Economic activity is based around fishing, coal mining and dairy farming. Historically, gold mining was a major industry, and coal mining was much more extensive than today (especially in terms of employment numbers). However, the region still is home to New Zealand's largest opencast mining operation in Stockton. Some native forest logging occurred in the area until cessation around 1999.

The Holcim company had a large cement plant in the southwest side of town until its closure on 30 June 2016.

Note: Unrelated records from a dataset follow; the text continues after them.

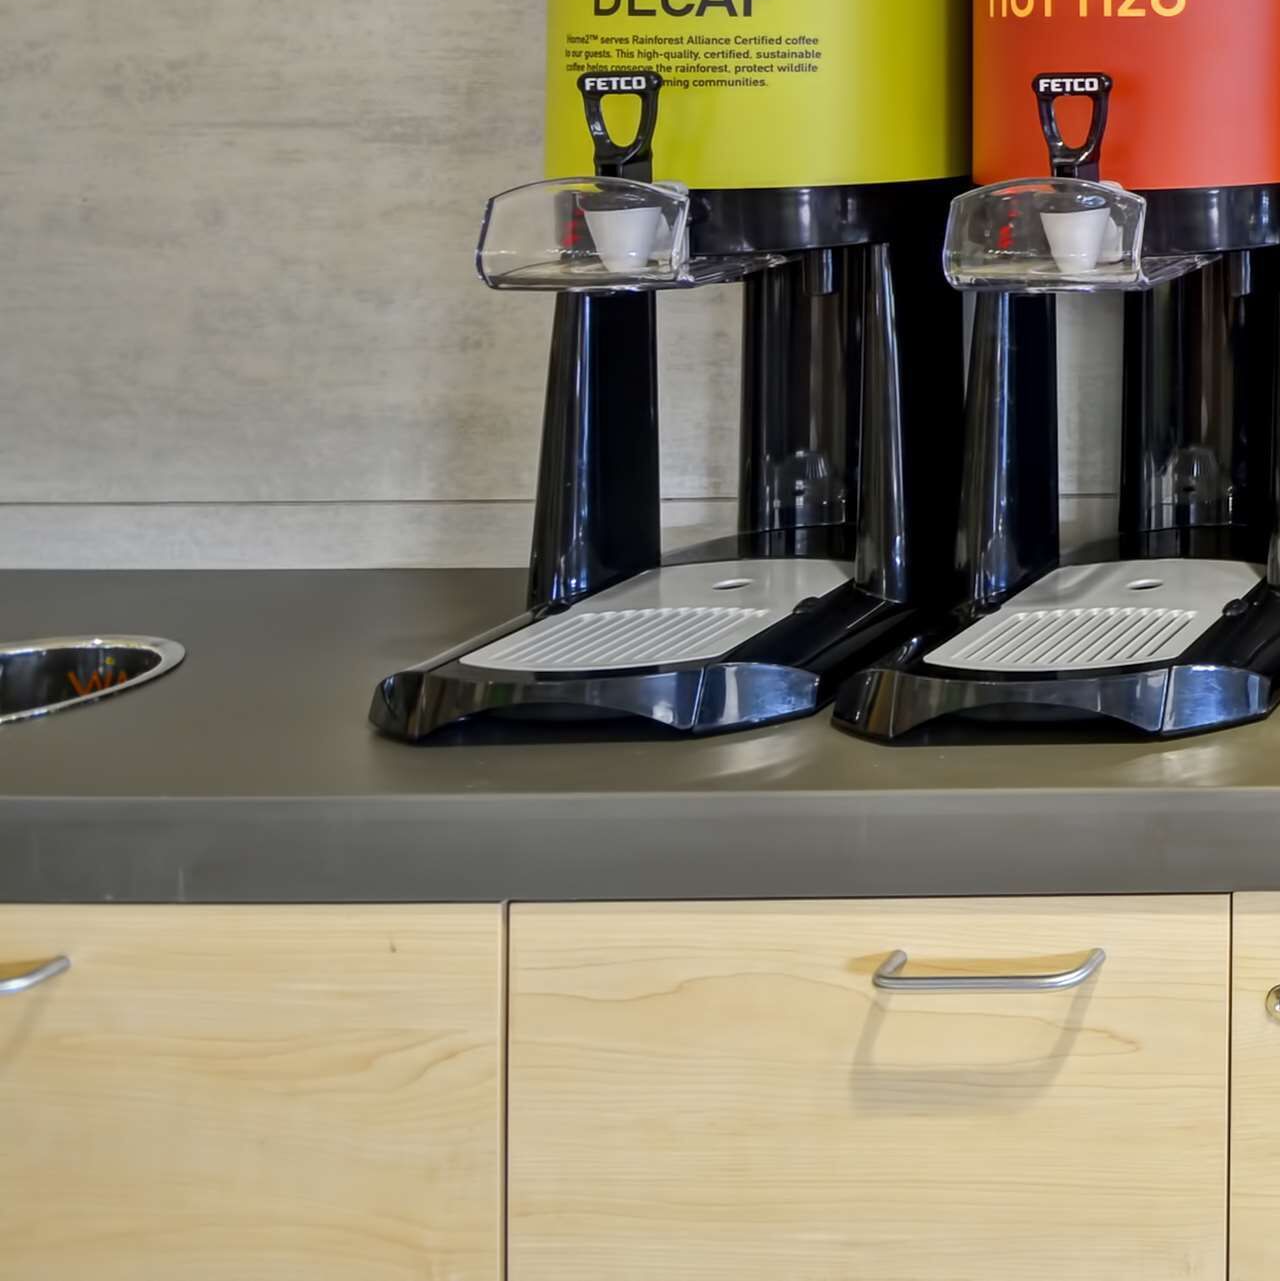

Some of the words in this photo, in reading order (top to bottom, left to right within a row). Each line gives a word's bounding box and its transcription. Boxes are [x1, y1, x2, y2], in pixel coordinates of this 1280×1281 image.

[600, 36, 630, 44] serves
[632, 35, 684, 45] Rainforest
[686, 35, 731, 45] Alliance
[734, 35, 782, 45] Certified
[785, 35, 819, 45] coffee
[615, 49, 635, 59] This
[755, 49, 822, 59] sustainable
[611, 64, 653, 72] conserve
[656, 63, 672, 72] the
[734, 64, 774, 75] protect
[777, 63, 818, 73] wildlife
[584, 76, 647, 91] FETCO
[1038, 78, 1099, 92] FETCO
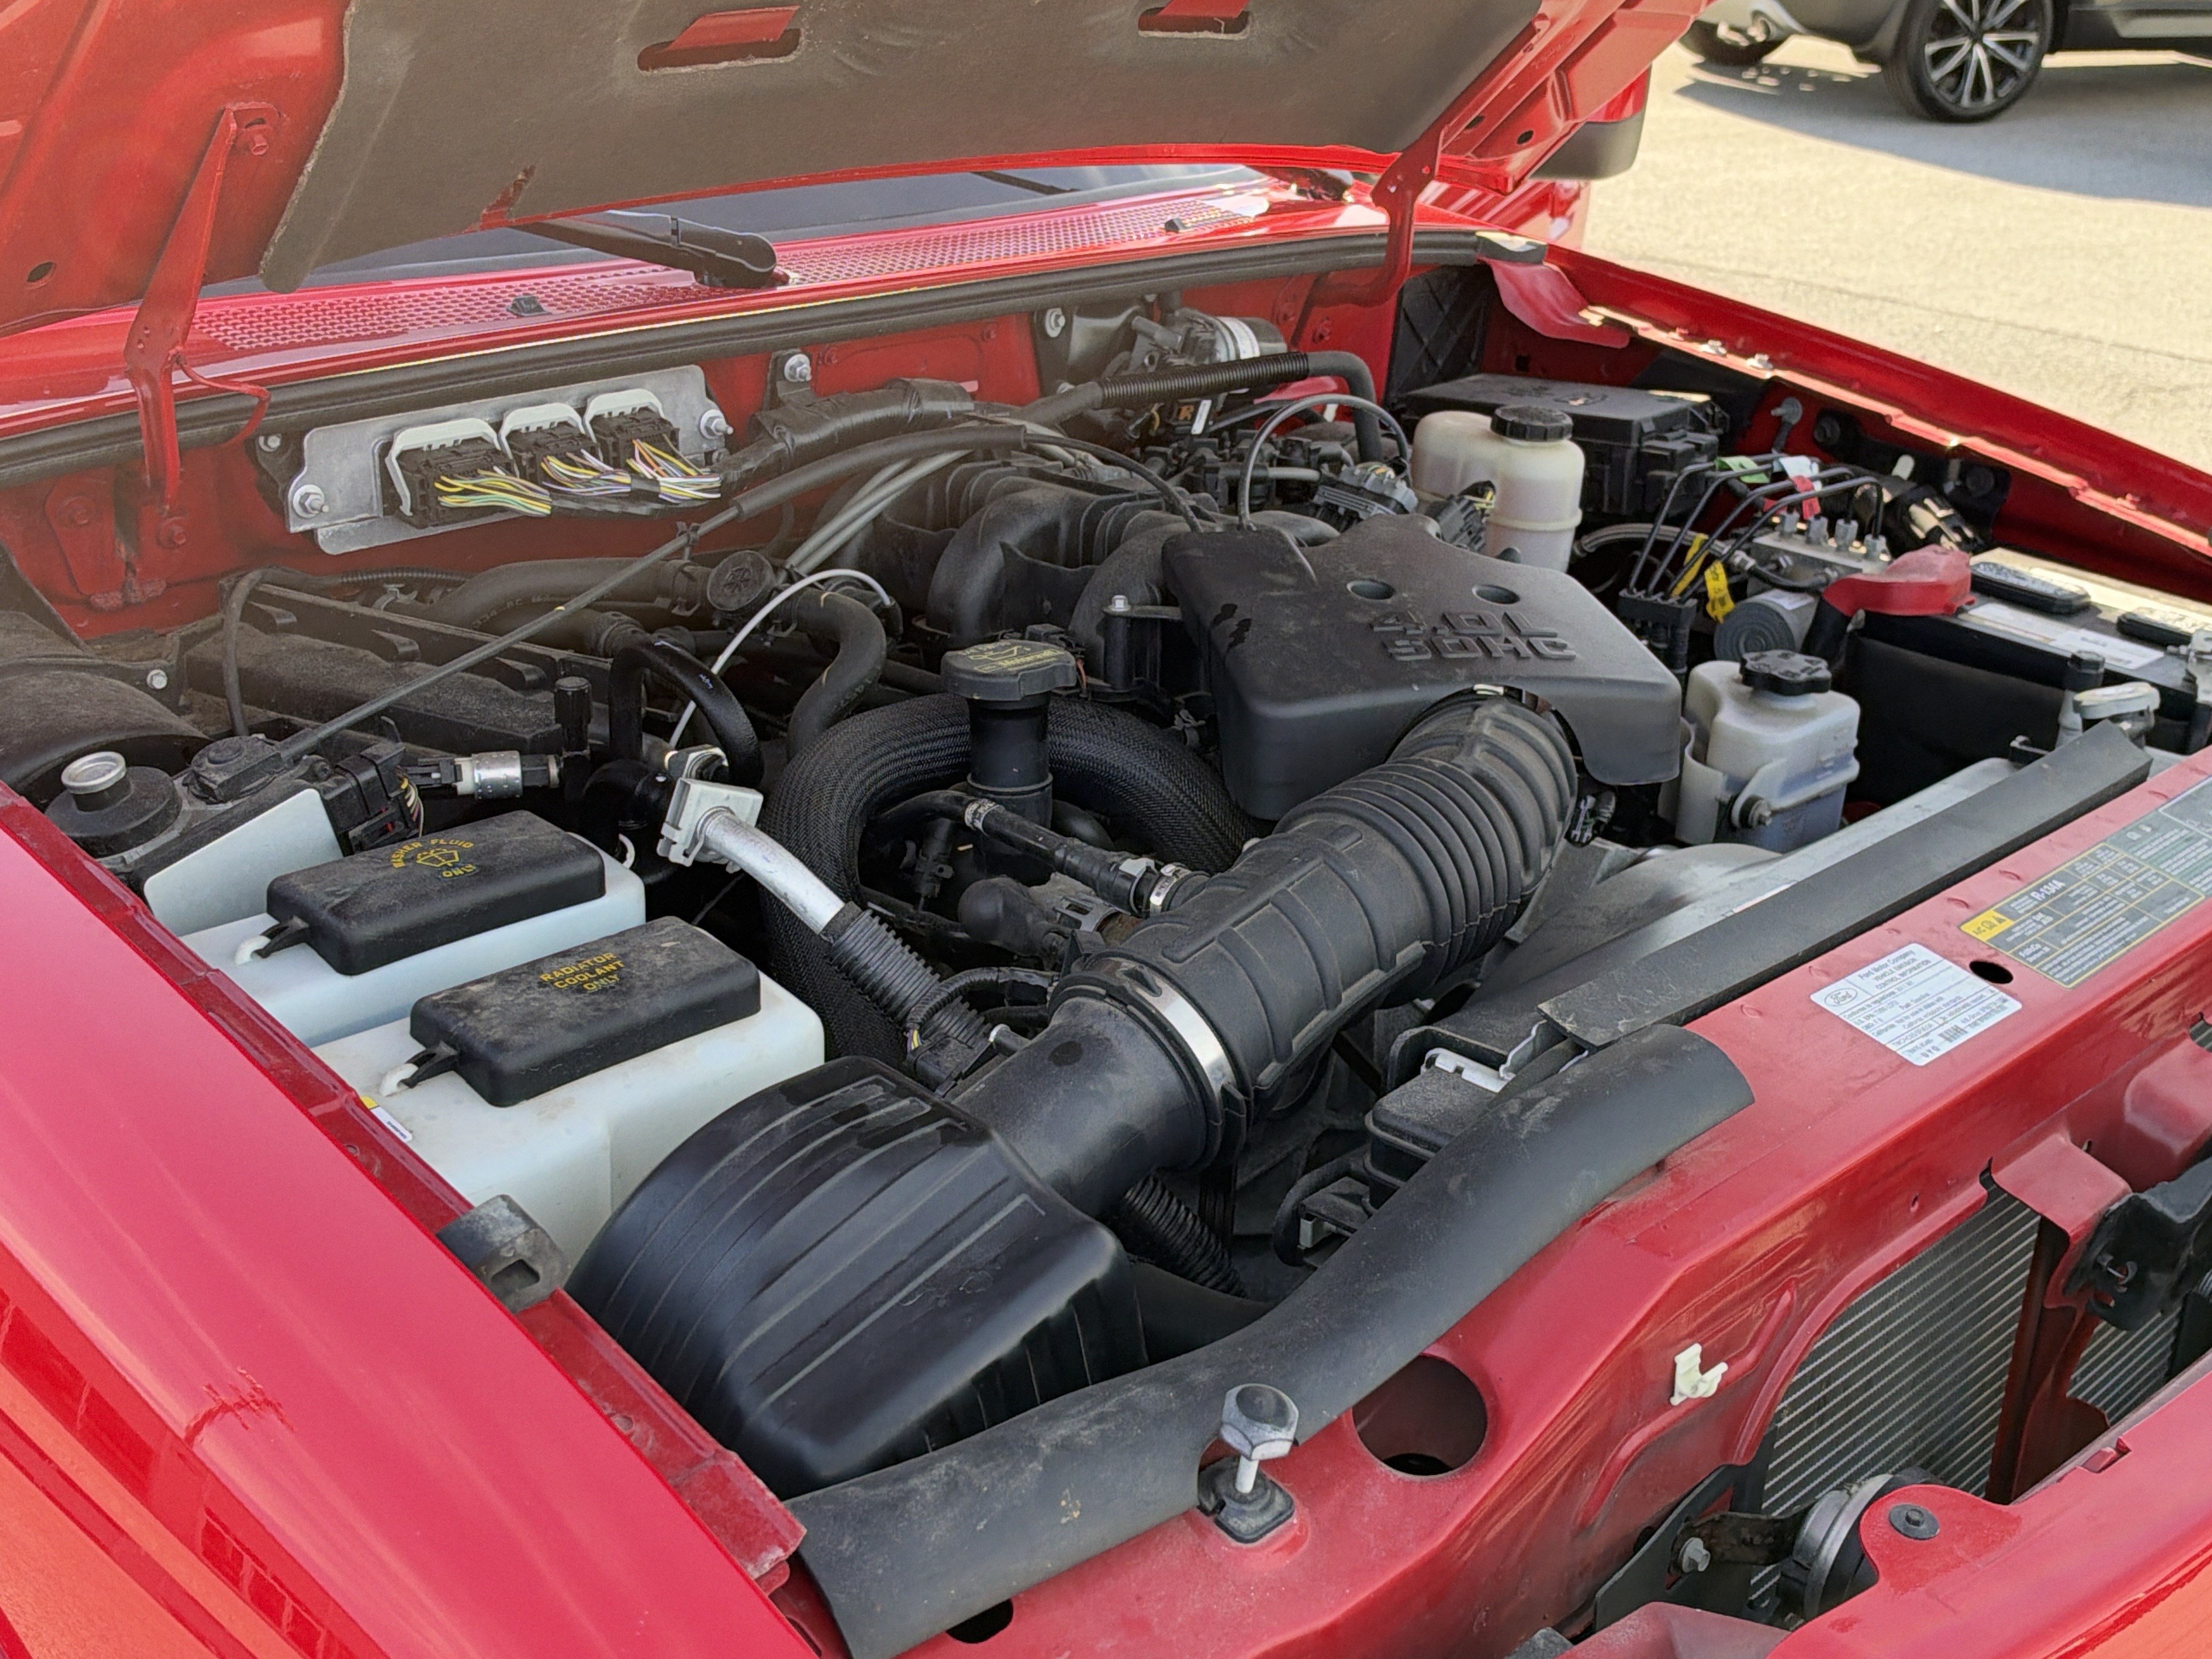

Westport is also home to EPIC Westport an innovation hub, which houses software developers and business startups.

==Tourism==

Tourist attractions in the area include Cape Foulwind, Tauranga Bay with its large fur seal colony, and fine surfing beaches. The opening of the Old Ghost Road which runs between Lyell and Seddonville to the north of Westport has seen an explosion in the number of mountain bikers visiting the area. The Kawatiri Coastal Trail is under development between Westport, Carters Beach, Cape Foulwind, and Charleston.The Pūwaha Section of the trail from Westport to Carters Beach was the first of nine sections to be built. It was officially opened on 6 December 2020. The remaining sections are expected to be completed by June 2022.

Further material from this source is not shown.